Appartengo a quella categoria di lettori che non riescono a scindere lo scrittore dal testo (e, di conseguenza, a leggere un libro di un autore che disprezzano umanamente): e, per un’autrice come Natalia Ginzburg, che alla sua vita (o meglio, a una parte di essa) ha dedicato il suo libro più famoso ed emozionante, quel Lessico famigliare che rimane saldamente il mio preferito da almeno vent’anni, l’intreccio autore/personaggi/testo diventa più stretto e complesso.
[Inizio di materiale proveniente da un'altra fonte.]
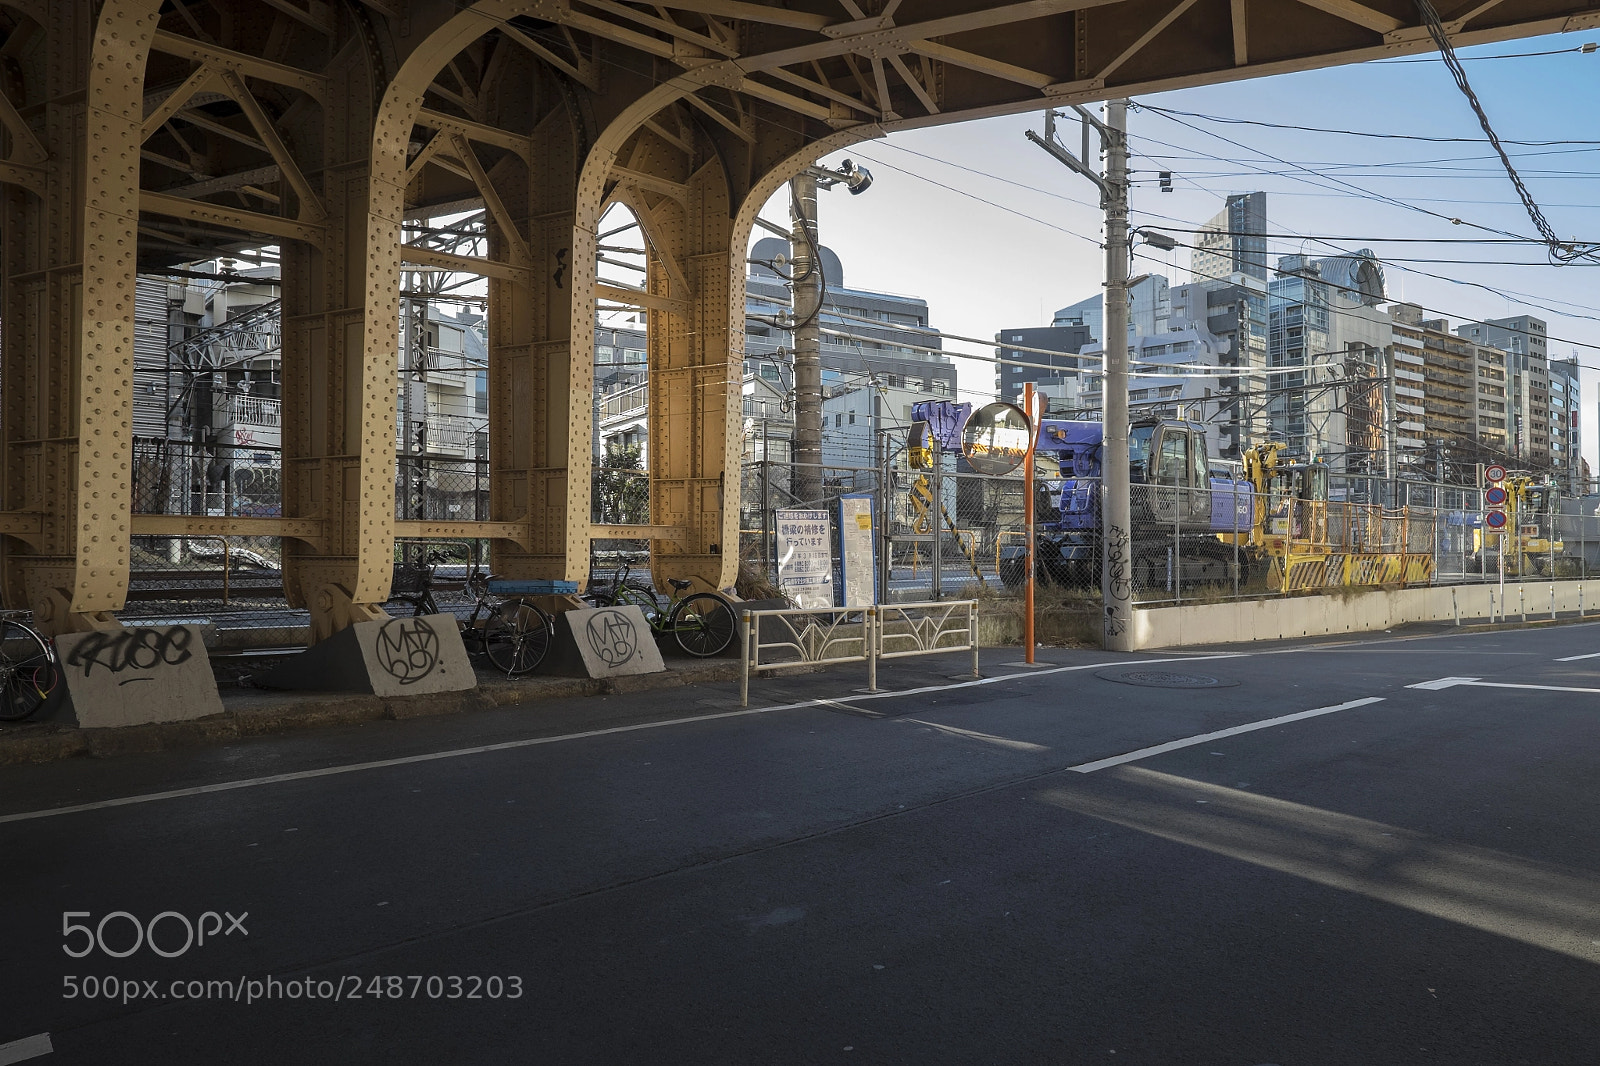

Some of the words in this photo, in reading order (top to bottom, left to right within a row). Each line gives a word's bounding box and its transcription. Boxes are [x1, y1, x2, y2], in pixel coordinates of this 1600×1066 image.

La Petrignani ha analizzato e scomposto e ricomposto l’intera produzione della Ginzburg, romanzi saggi articoli racconti poesie, le interviste e gli articoli su di lei, tutto quel che è stato scritto su suo marito Leone; ha parlato con i suoi nipoti e con molte persone che la hanno conosciuta, ha aggiunto i propri ricordi ed è riuscita a mostrarmi tutto quello che avrei voluto conoscere: tutta quella enorme fetta di vita che in Lessico famigliare è riassunta in poche righe o omessa, perché posteriore all’uscita del libro o troppo dolorosa e personale, dall’arrivo di Nat a Roma, al ritorno da Pizzoli, con tre bambini piccoli e due valigie, al rapporto con sua figlia Susanna, nata dal secondo matrimonio della scrittrice; dalle relazioni familiari alle tresche sentimentali dei fratelli, dalle insicurezze che l’hanno accompagnata tutta la vita al gusto nel vestire. Mi ha mostrato il lato tenero, umano, vivo della scrittrice che vorrei incontrare, se potessi fare un salto indietro nel tempo: e, timida lei e timida io, probabilmente non sarei in grado di dirle altro che “grazie”. È un libro enorme, La corsara: ha dentro una porzione grande e pesante della storia d’Italia, ma contiene anche aneddoti e spunti, e poi tutto un excursus sul panorama editoriale italiano con il racconto della nascita e dello sviluppo dell’Einaudi. Ci sono dentro Pavese e Leone Ginzburg, Moravia e la Morante, la Fallaci e Giulio Einaudi, Carlo Levi e Montale nell’inedita veste di zio acquisito; e poi Calvino, Saba, Bobbio, Casorati e tanti altri.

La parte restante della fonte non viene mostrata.